> _HOW TO COMPLETE THIS TASK_:
The records below need to be repeated exactly, though not their pictures.

(Records excerpted from a collection)
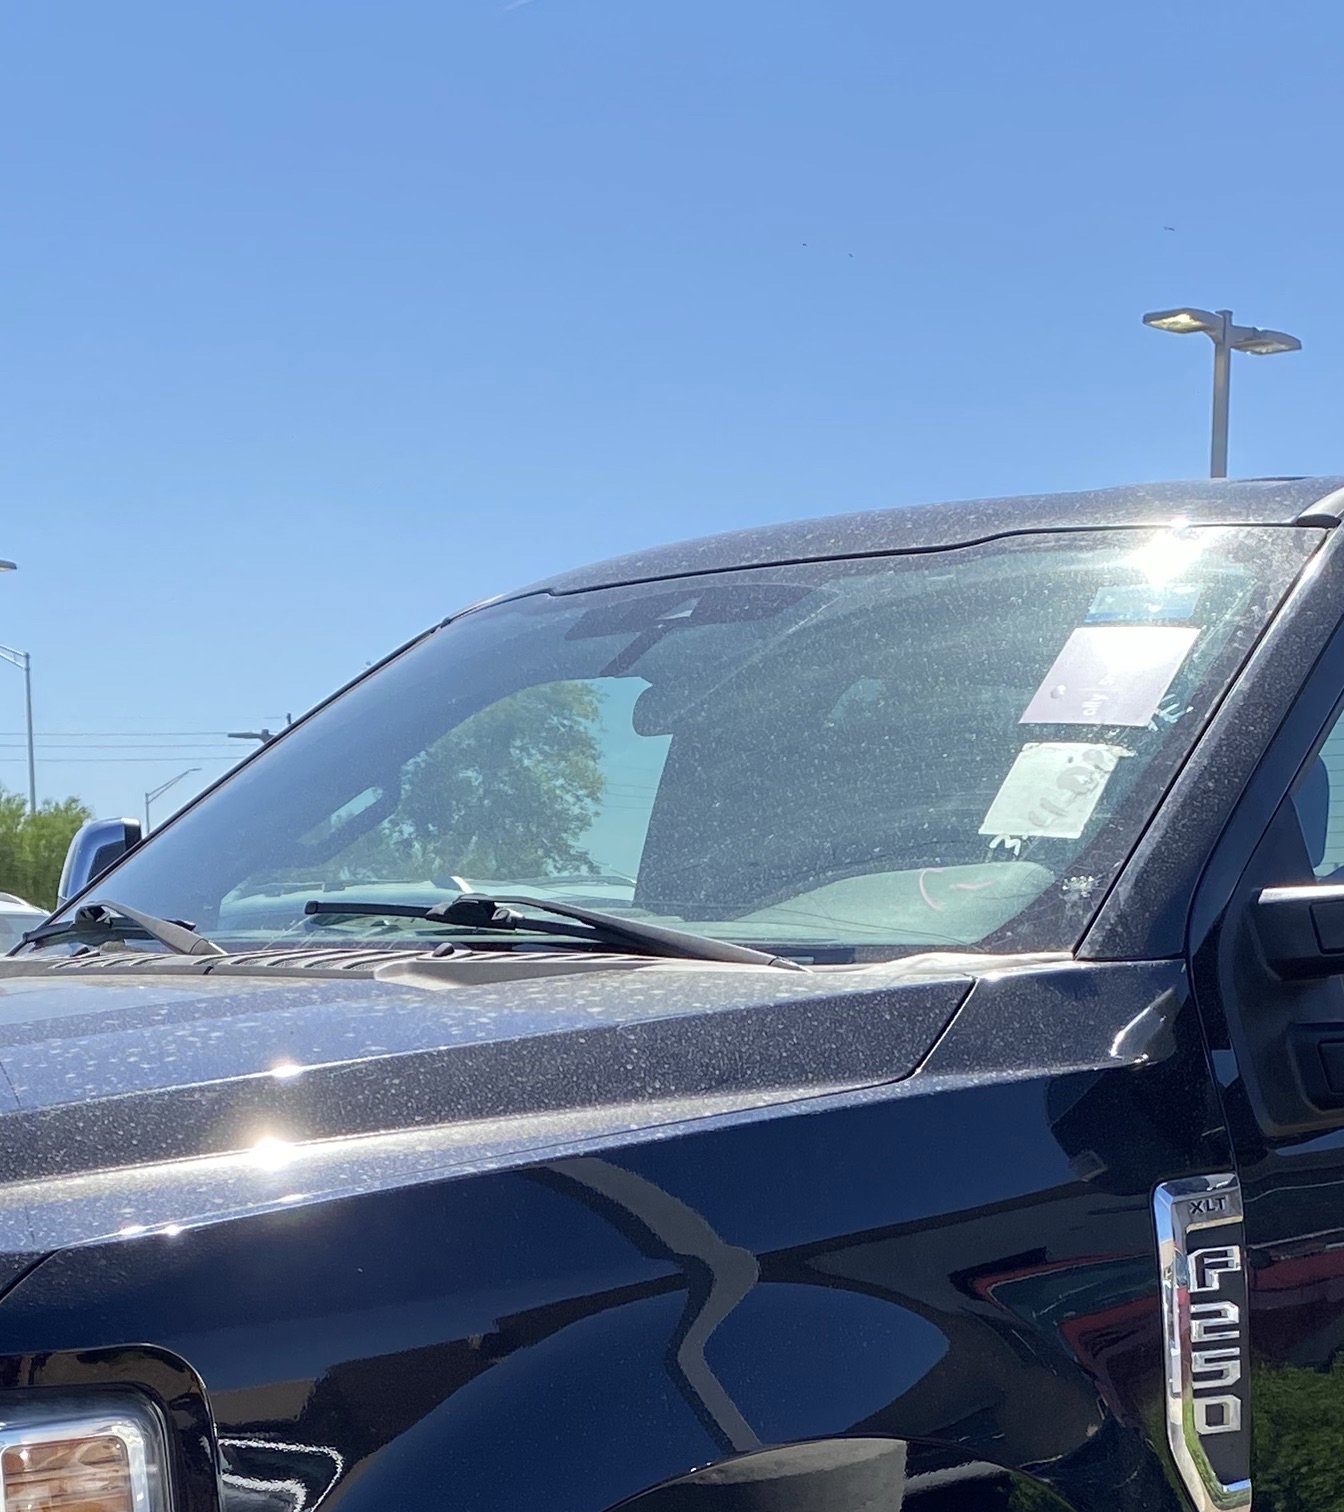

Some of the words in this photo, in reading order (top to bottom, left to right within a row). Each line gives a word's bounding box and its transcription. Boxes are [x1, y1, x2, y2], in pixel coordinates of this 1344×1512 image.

[1081, 693, 1110, 717] ally
[1189, 1197, 1228, 1216] XLT
[1187, 1245, 1242, 1436] F250
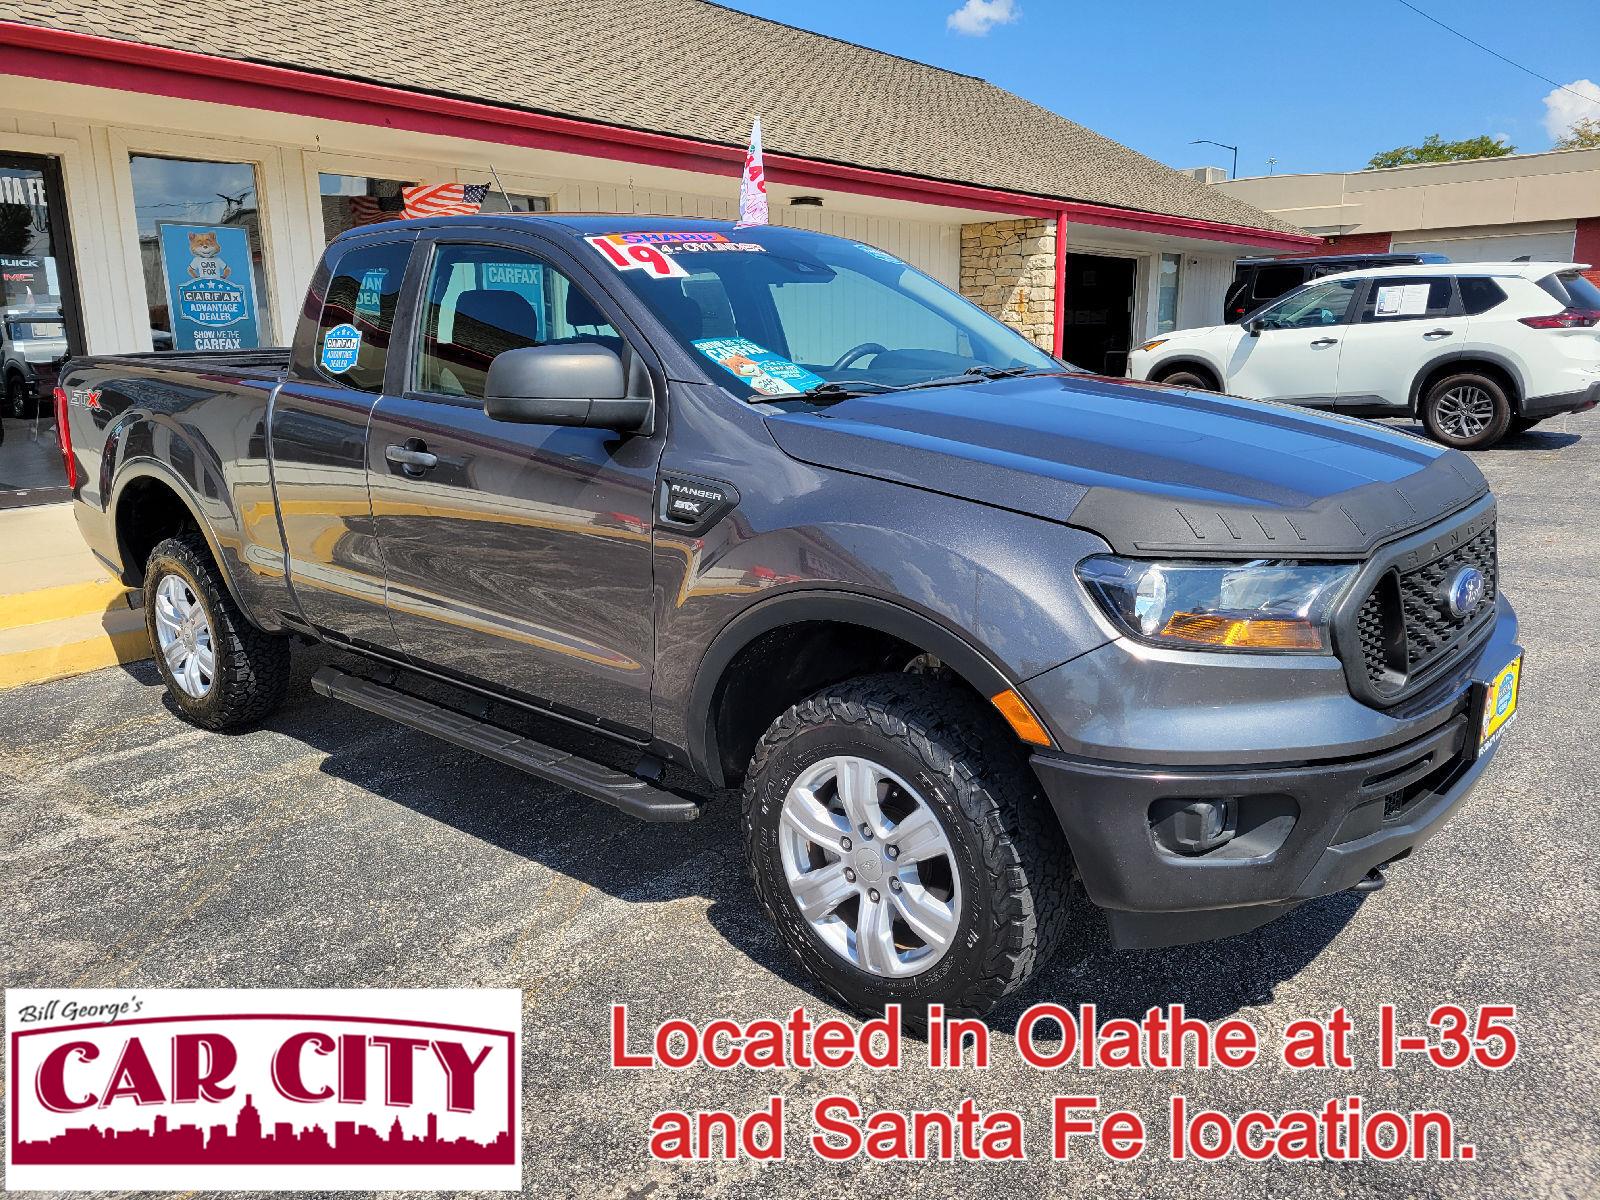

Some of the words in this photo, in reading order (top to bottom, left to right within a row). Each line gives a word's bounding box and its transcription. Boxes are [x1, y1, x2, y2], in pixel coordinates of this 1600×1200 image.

[27, 178, 48, 206] FE
[622, 232, 718, 244] SHARP
[592, 237, 671, 276] 19
[200, 261, 217, 269] CAR
[202, 268, 217, 276] FOX
[488, 266, 540, 285] CARFAX
[184, 291, 240, 302] CARFAX
[190, 303, 238, 312] ADVANTAGE
[199, 312, 231, 321] DEALER
[193, 330, 216, 339] SHOW
[216, 330, 227, 339] ME
[226, 330, 240, 339] THE
[194, 338, 242, 350] CARFAX
[326, 350, 354, 359] ADVANTAGE
[329, 359, 349, 368] DEALER
[70, 388, 103, 410] STX
[671, 484, 722, 501] RANGER
[673, 499, 700, 513] STX

> _YOUR RESPONSE_:
Some of the words in this photo, in reading order (top to bottom, left to right within a row). Each line gives a word's bounding box and its transcription. Boxes are [x1, y1, x2, y2], in pixel coordinates of this 1344×1512 image.

[1081, 693, 1110, 717] ally
[1189, 1197, 1228, 1216] XLT
[1187, 1245, 1242, 1436] F250

Some of the words in this photo, in reading order (top to bottom, left to right within a row). Each line gives a word's bounding box and its transcription. Boxes are [x1, y1, x2, y2], in pixel coordinates of this 1600×1200 image.

[27, 178, 48, 206] FE
[622, 232, 718, 244] SHARP
[592, 237, 671, 276] 19
[200, 261, 217, 269] CAR
[202, 268, 217, 276] FOX
[488, 266, 540, 285] CARFAX
[184, 291, 240, 302] CARFAX
[190, 303, 238, 312] ADVANTAGE
[199, 312, 231, 321] DEALER
[193, 330, 216, 339] SHOW
[216, 330, 227, 339] ME
[226, 330, 240, 339] THE
[194, 338, 242, 350] CARFAX
[326, 350, 354, 359] ADVANTAGE
[329, 359, 349, 368] DEALER
[70, 388, 103, 410] STX
[671, 484, 722, 501] RANGER
[673, 499, 700, 513] STX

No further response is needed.